Personalization is a cognitive distortion that refers to taking everything other people say and do personally. This person may constantly think that what other people do is a response to something they have done. E.g, if a person you're speaking to looks bored you might assume you're boring them. Whereas, it's more likely that they are feeling tired or struggling to focus and that their body language is not in response to you.
As a result they may also feel solely or wrongly responsible for problematic events and are likely to experience false guilt, which is a trait that others may take advantage of to shift their responsibilities to someone with personalization tendencies.
Emotional reasoning is a thinking error whereby we assume our feelings are rational and therefore will react accordingly, e.g. assuming that if you feel lonely then you must be alone.
This type of thinking can manifest as an obsessive compulsion, whereby a person who feels dirty will frequently shower even though there isn't enough time to get dirty in between showers.

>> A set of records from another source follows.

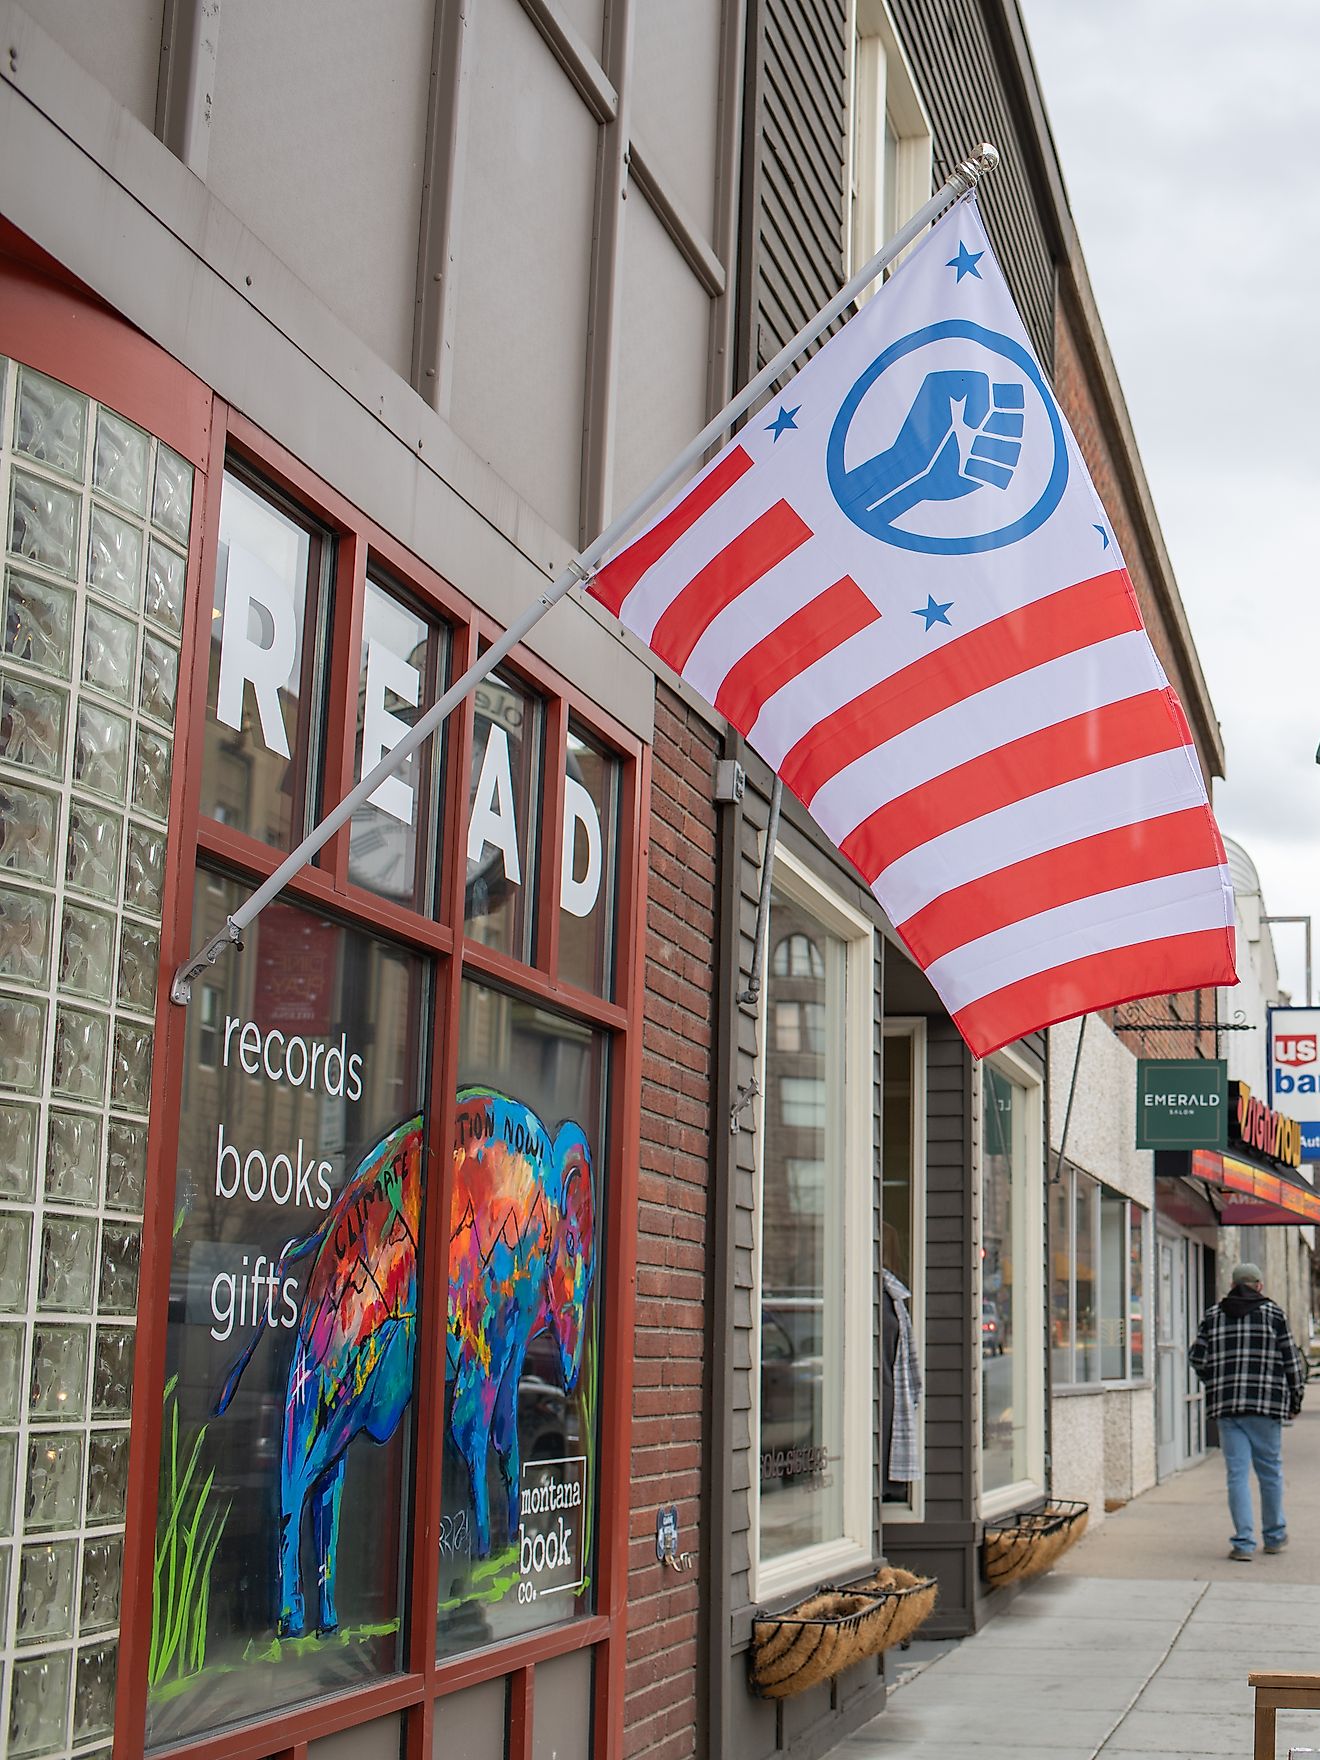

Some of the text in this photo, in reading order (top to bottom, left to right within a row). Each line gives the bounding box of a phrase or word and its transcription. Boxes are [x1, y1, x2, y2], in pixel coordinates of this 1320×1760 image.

[217, 540, 603, 918] READ
[223, 1015, 364, 1101] records
[1144, 1093, 1220, 1107] EMERALD
[215, 1123, 333, 1211] books
[504, 1116, 544, 1167] NOW!
[335, 1151, 408, 1260] CLIMATE
[210, 1255, 299, 1342] gifts
[521, 1476, 581, 1516] montana
[519, 1516, 572, 1575] book

Disqualifying the positive
This type of cognitive distortion refers to automatically filtering out and disregarding positive experiences and instead focusing on the negatives. Someone receiving great feedback on a project may disregard all positive comments and praise after reading a single negative comment, which leads to holding a very biased view on a situation.

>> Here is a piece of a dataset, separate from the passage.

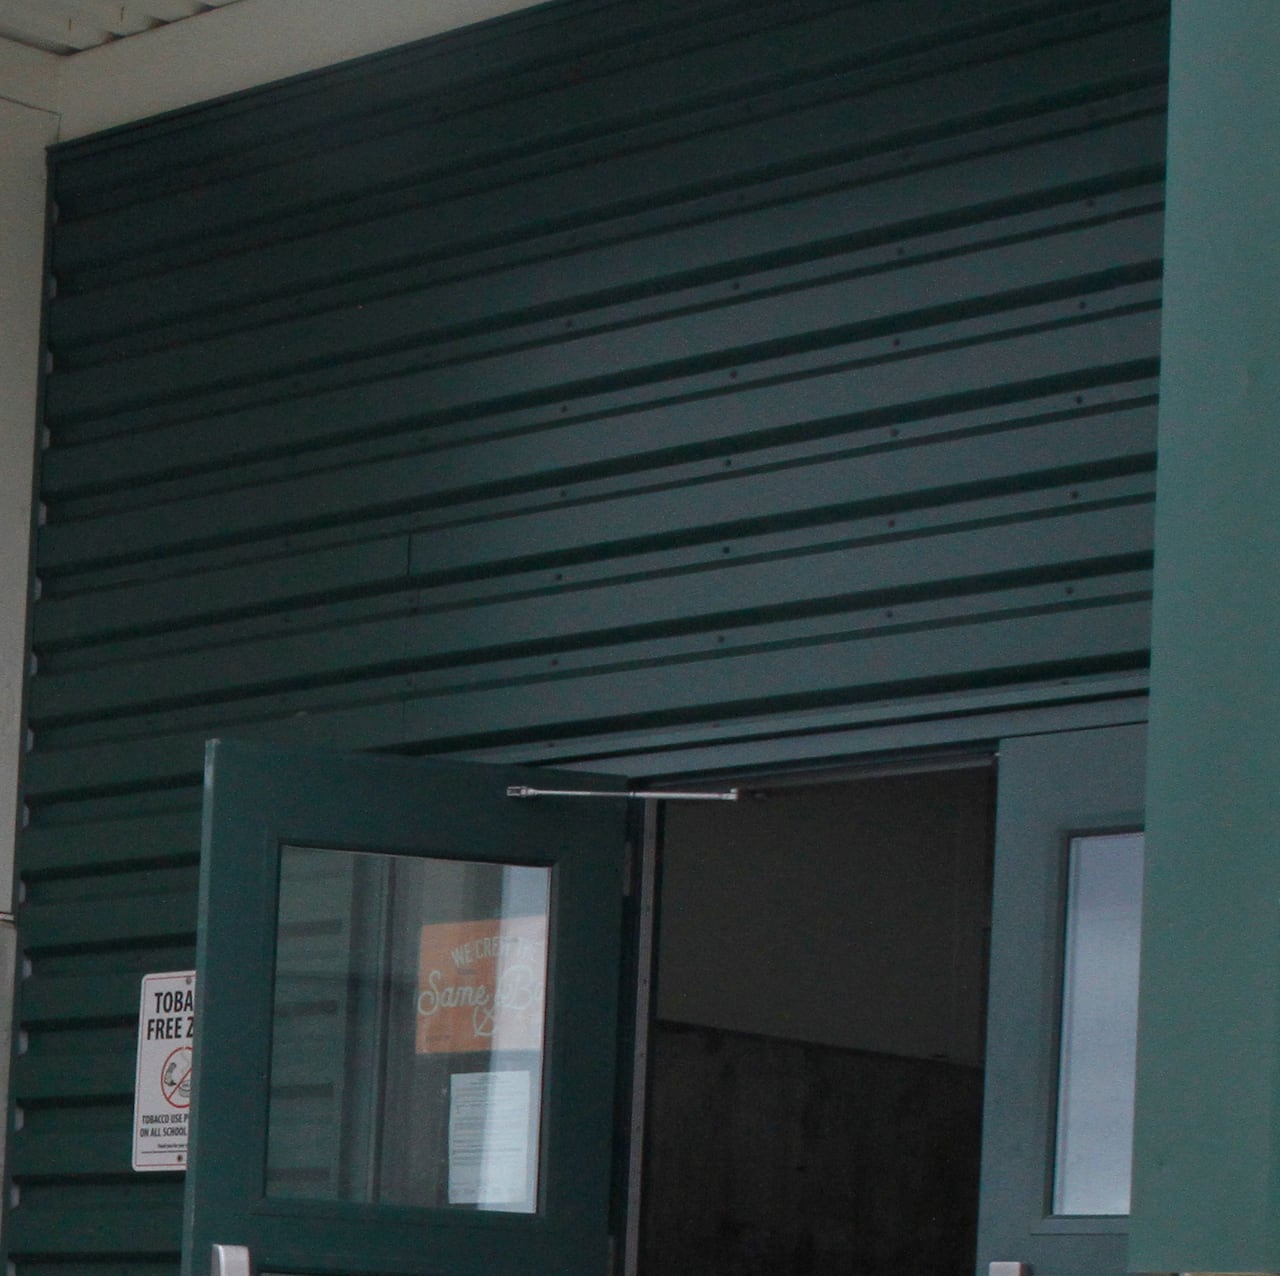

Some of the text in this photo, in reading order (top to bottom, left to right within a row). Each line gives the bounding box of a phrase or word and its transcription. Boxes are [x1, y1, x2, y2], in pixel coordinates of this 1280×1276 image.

[154, 990, 193, 1014] TOBA
[417, 969, 490, 1016] Same
[147, 1017, 182, 1040] FREE
[150, 1128, 161, 1136] ALL

Control Fallacies relate to holding an extreme belief of either internal or external control.
An internal control fallacy means perceiving that your own actions determine and control your life to the point that you'll take responsibility for what other people are going through.

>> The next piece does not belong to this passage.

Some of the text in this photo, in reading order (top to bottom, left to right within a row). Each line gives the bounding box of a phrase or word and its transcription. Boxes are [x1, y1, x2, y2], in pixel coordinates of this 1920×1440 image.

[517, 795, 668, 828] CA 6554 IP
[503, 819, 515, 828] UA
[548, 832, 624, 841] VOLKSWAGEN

Whereas an external control fallacy relates to believing that you are controlled by external factors, such as other people, the government, educational systems, and luck. This distortion can lead people to believe that they are a victim of fate and completely unable to do anything that matters.
Labelling refers to making a judgement about yourself or someone else on who they are as a person based on a certain behavior, rather than seeing them as separate from their actions. For example someone may label themselves as incredibly anxious and unable to manage social situations and allow that to define who they are. People are more than their thoughts, feelings and actions, so by only seeing people in terms of a specific behavior you're unable to make a fair judgement.
If you are concerned that your perception of reality may be distorted by negative thinking errors, don't worry, you're not the only one and there are still plenty of things you can do.
The first and most important step in preventing irrational thoughts is by being aware of them. Begin by examining all the thoughts you are having and notice which thoughts cause you to feel distressed, these are the ones you should write down. Then one by one go through the list and consider whether any of them may be influenced by cognitive distortions.
Once you're aware of your cognitive distortions, start to analyze your thoughts with evidence and reason to see how likely they are to be true. Widen your thought process and find more evidence to challenge your thoughts by;
After challenging your thoughts you can now consider alternative explanations that are more realistic and beneficial. You can do this by making a list of all the outcomes that are more likely to happen. If you struggle with this think about what you would say to a close friend who is experiencing the same thoughts, how might you explain it to them?
If you are still worried or unable to manage your negative thoughts on your own don't be afraid to reach out and ask for help. By speaking to your doctor you can find out what your options are. They may put you in touch with a psychotherapist or talk to you about whether cognitive behavioral therapy is right for you.
Remember, you don't have to deal with this on your own.